Zum anderen speichert Agent S seine eigenen Erfahrungen aus früheren Aufgaben in einer Art Gedächtnis. Steht eine neue Aufgabe an, durchsucht das System diesen Erfahrungsschatz nach ähnlichen Fällen und zerlegt das Problem in überschaubare Teilschritte.
Während der Ausführung überwacht es kontinuierlich den Fortschritt und optimiert seine Vorgehensweise. Nach Abschluss der Aufgabe fließen die neuen Erfahrungen wieder in den Wissensspeicher ein - die KI erweitert so mit jeder gelösten Aufgabe ihre Fähigkeiten.
Die Brücke zwischen dem KI-System und dem Computer bildet ein speziell entwickeltes "Agent-Computer-Interface". Es übersetzt gewissermaßen zwischen den beiden Welten und sorgt für eine sichere und zuverlässige Ausführung der Befehle. Dazu wertet es einerseits visuelle Informationen aus, um Änderungen auf dem Bildschirm zu erfassen.
Andererseits erstellt es eine Art digitalen Zwilling aller Bedienelemente und ihrer Anordnung. Statt mit absoluten Mauskoordinaten arbeitet Agent S mit Anweisungen wie "Klicke auf Schaltfläche Nr. 42". Dieser Ansatz macht die Steuerung robuster und reduziert laut Paper die Fehleranfälligkeit.
Wenig Unterschiede zwischen Claude 3.5 und GPT-4o
In ersten Praxistests der Entwickler:innen unterzog sich Agent S einem Leistungsvergleich bei typischen Computeraufgaben. In einem Benchmark mit Aufgaben unter Linux steigerte Agent S die Erfolgsrate gegenüber einem reinen Sprachmodell um fast 90 Prozent - liegt aber dennoch bei lediglich knapp 20 Prozent.
Außerdem ist das System langsam: In Demovideos benötigt Agent S etwa zum Entfernen eines Kontos im E-Mail-Client Thunderbird rund sechs Minuten, zum Deaktivieren der Autosave-Funktion in VS Code gut drei.
Agent S kann mit verschiedenen Sprachmodellen per API verknüpft werden. Je nach Aufgabenbereich lag mal Claude 3.5, mal GPT-4o in Verbindung mit dem Framework vorne, insgesamt bleibt der Unterschied mit 0,1 Prozentpunkten jedoch marginal. Ein auf solche Anwendungsfälle optimiertes Sprachmodell könnte nochmal bessere Leistung versprechen.
In einer Testumgebung unter Windows erzielte das System ohne spezielle Anpassung ebenfalls gute Ergebnisse. Die Grundprinzipien scheinen also über Betriebssystemgrenzen hinweg tragfähig.

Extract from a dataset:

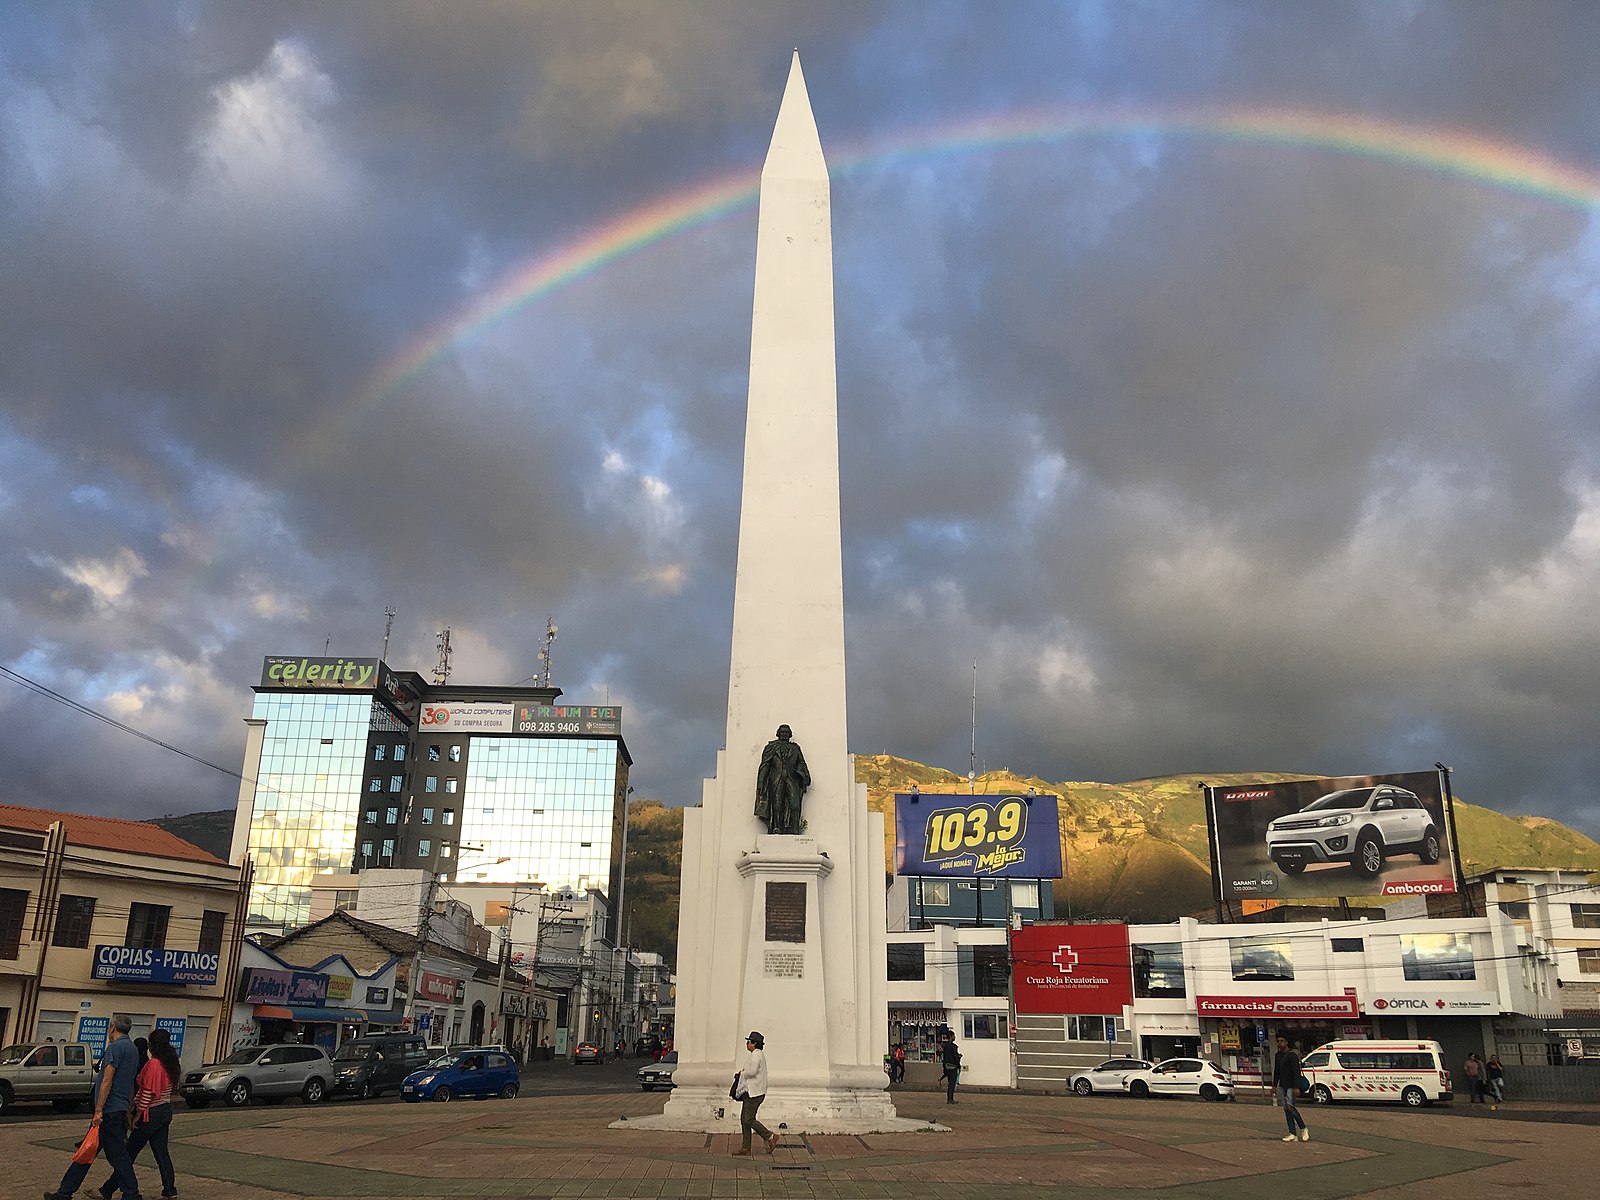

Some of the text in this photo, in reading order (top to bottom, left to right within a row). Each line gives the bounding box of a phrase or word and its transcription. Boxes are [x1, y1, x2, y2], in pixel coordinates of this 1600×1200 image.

Die Forschenden sehen Raum für Verbesserungen. Eine detaillierte Fehleranalyse führte rund 40 Prozent der beobachteten Probleme auf Schwächen bei der Aufgabenplanung oder der Zuordnung von Steuerbefehlen zu Bildschirmelementen zurück. Auch die Verarbeitungsgeschwindigkeit wollen die Entwickler weiter optimieren.
Generell gibt es verschiedene Ansätze von Wissenschaftler:innen, Nutzeroberflächen per natürlicher Spracheingabe zu bedienen – dieses Versprechen hat auch beispielsweise das KI-Start-up Rabbit gemacht, trotz Veröffentlichung des Large Action Model Playgrounds bislang allerdings nicht eingehalten. Bis solche Systeme ausgereift genug sind, um im Alltag mehr Zeit zu sparen als zu kosten, dürfte es noch eine Weile dauern.
Der Python-Code für Agent S steht auf GitHub kostenfrei zur Verfügung.